Chapter 10: "Tell Me a Story"
Perspectives on Children from the Acts of the Apostles
Joel B. Green
Though Mr. Green begins by contrasting all the references to children in Luke's gospel to noticeably few in Acts, somehow, he finds them!
He begins by pointing out that the long narratives from the Old Testament are full of references to children. He points out that not only did God take care of them in the dire circumstances referenced in the OT but they are critical to God keeping His promises to Israel. [TCITB p. 216]
Green says, "[S]harply put, the narrative of Acts provides us with almost nothing by way of raw material for assembling how we might think about children or act toward them. However, Acts does promote the formation of communities and persons-in-community whose discipleship of Jesus, whose allegiance to God, and whose empowerment by the Holy Spirit lead to dispositions and practices of faith and hospitality among children, together with other inhabitants of the margins of our world." [TCITB p. 217]
He discusses "household baptism" with it's implications for baptizing children reminding us that the practice emphasized the value of infants in a culture that didn't value infants. [TCITB p 217]
He discusses the "importance of narrative in identity development and moral formation". [TCITB p. 218] He shares some fascinating thoughts about how "story" shapes our identity and practices culturally and Biblically. [TCITB p. 219] This is a must-read!
He discusses "the narrative of conversion" particularly in the context of community - focusing less on the individual and more on the larger scheme of the purposes of God in ways you probably haven't heard before. [TCITB p. 222-223]
He refers to Luke, making astute observations about the intermingling and shaking of old and new as the early church emerged with implications for today. [TCITB p. 223-224]
His short but succinct reminder that "there is no escaping the inclusion of children in the 'all flesh' of Acts 2:37 "and his comments are inclusive and affirming of children sharing and communicating God's vision with the faith community. [TCITB p. 224]
Mr. Green discusses the inter-relationship between the early church's proclamation of the Resurrection and her voluntarily selling her possessions in order to give and to care for the needy [TCITB p. 226-227].

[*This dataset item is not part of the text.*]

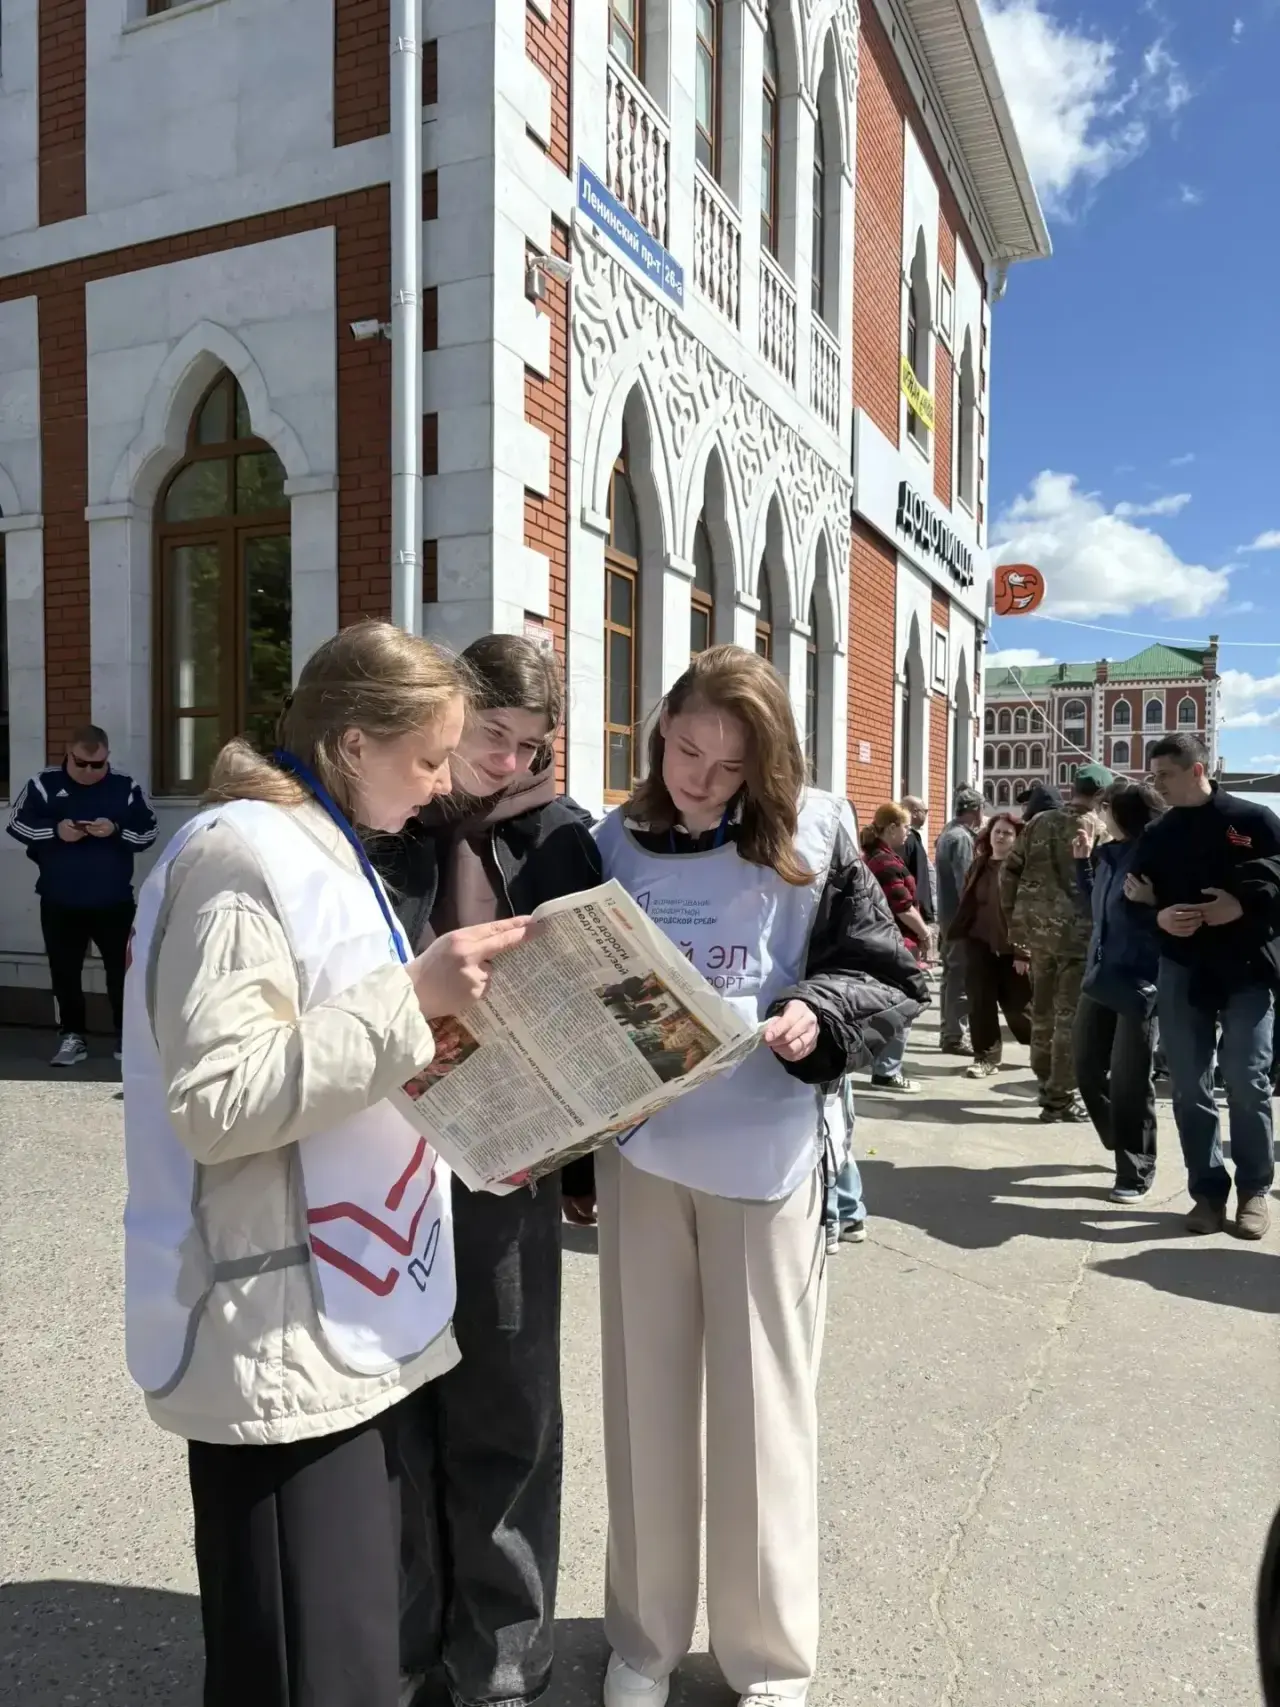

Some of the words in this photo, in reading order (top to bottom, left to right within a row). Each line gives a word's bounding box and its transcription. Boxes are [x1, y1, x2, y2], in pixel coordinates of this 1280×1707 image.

He talks about the deliverance of children being used for financial gain [TCITB p. 227], and attention to otherwise endangered children [TCITB p. 227].
His discussion of home, household, hospitality, and the presence of God in unexpected places is profound in part, but not exclusively, because children live in homes. The implications are far-reaching and worth pondering . . . [TCITB p. 227-228]
Mr Green succeeds finding children and implications for the church today regarding children in a place where they are hard to find. Alot to ponder in this chapter.